Task requirements
Copy out exactly the lines from the line containing "Some of the words" to the end of the listing.

Dataset extract
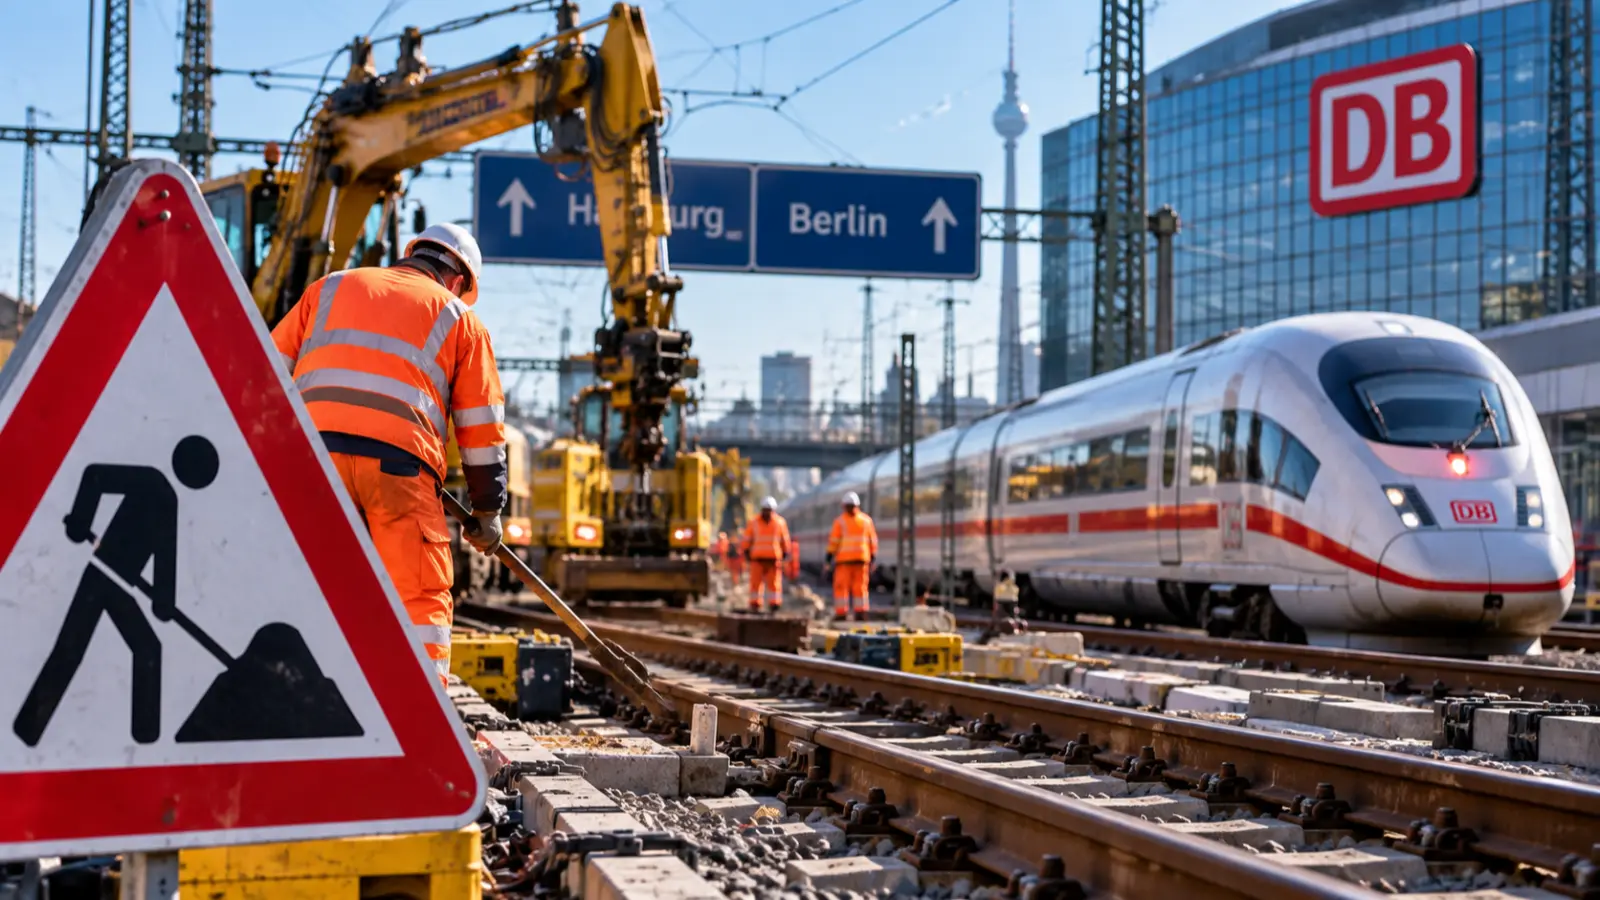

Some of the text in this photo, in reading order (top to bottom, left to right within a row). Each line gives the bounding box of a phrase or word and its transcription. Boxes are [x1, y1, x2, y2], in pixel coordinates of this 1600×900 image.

[1332, 77, 1452, 188] DB
[568, 192, 724, 239] Hurg
[789, 202, 888, 237] Berlin
[1458, 503, 1491, 519] DB
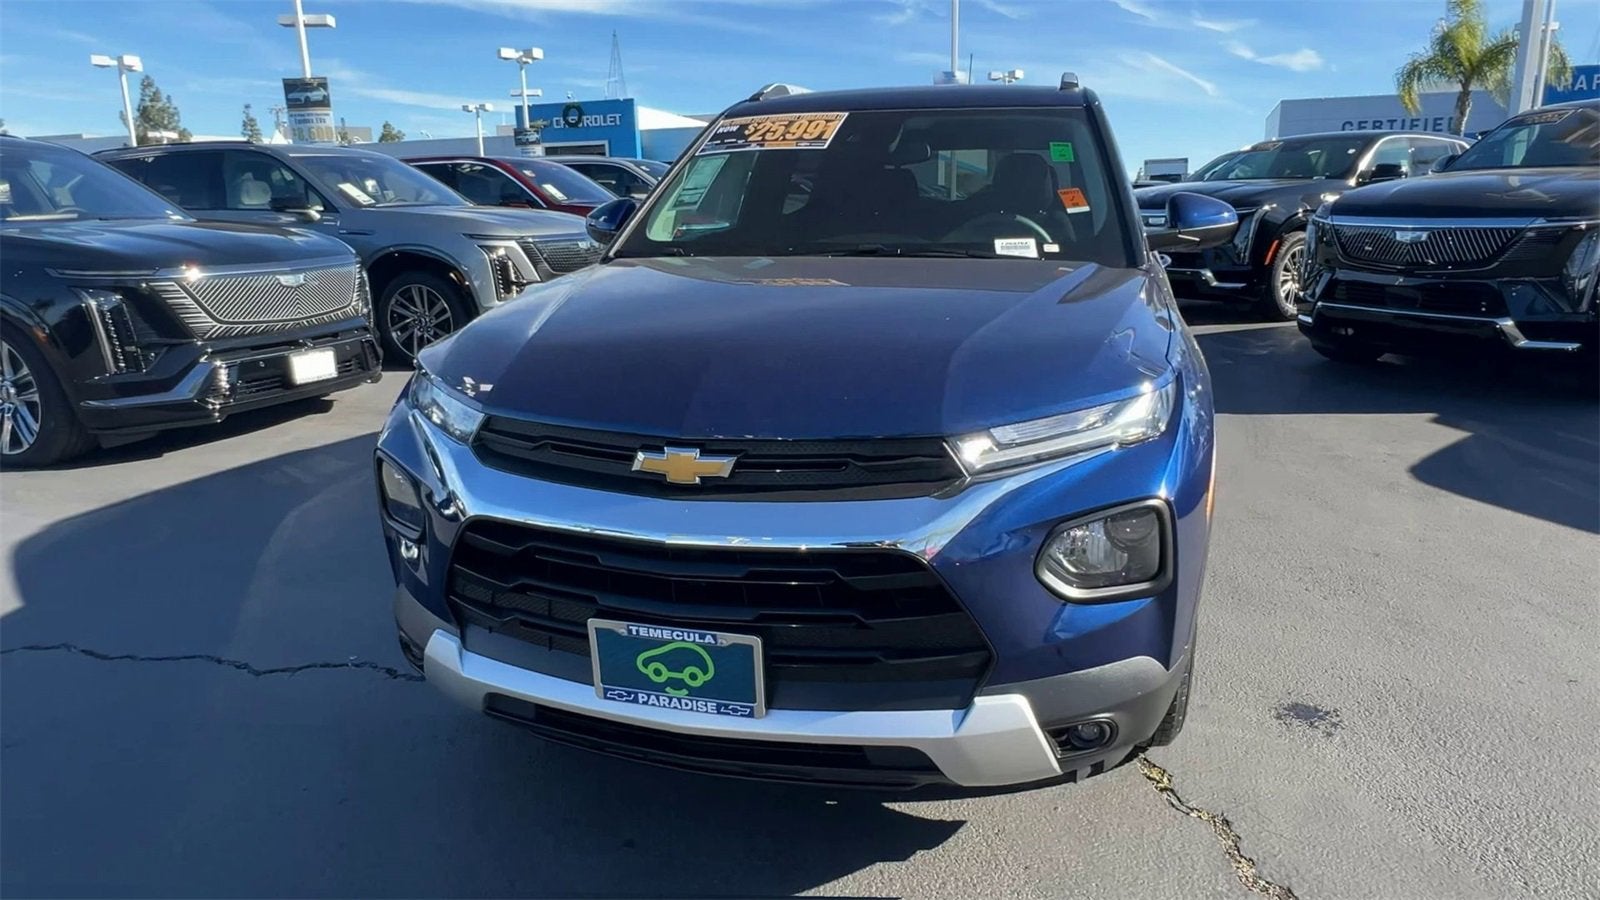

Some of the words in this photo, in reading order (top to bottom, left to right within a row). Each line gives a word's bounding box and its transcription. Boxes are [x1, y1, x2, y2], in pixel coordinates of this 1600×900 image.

[717, 125, 740, 134] NOW
[744, 119, 840, 141] $25,991
[629, 626, 716, 644] TEMECULA
[637, 693, 718, 713] PARADISE

Result of the task
Some of the words in this photo, in reading order (top to bottom, left to right within a row). Each line gives a word's bounding box and its transcription. Boxes are [x1, y1, x2, y2], in pixel coordinates of this 1600×900 image.

[717, 125, 740, 134] NOW
[744, 119, 840, 141] $25,991
[629, 626, 716, 644] TEMECULA
[637, 693, 718, 713] PARADISE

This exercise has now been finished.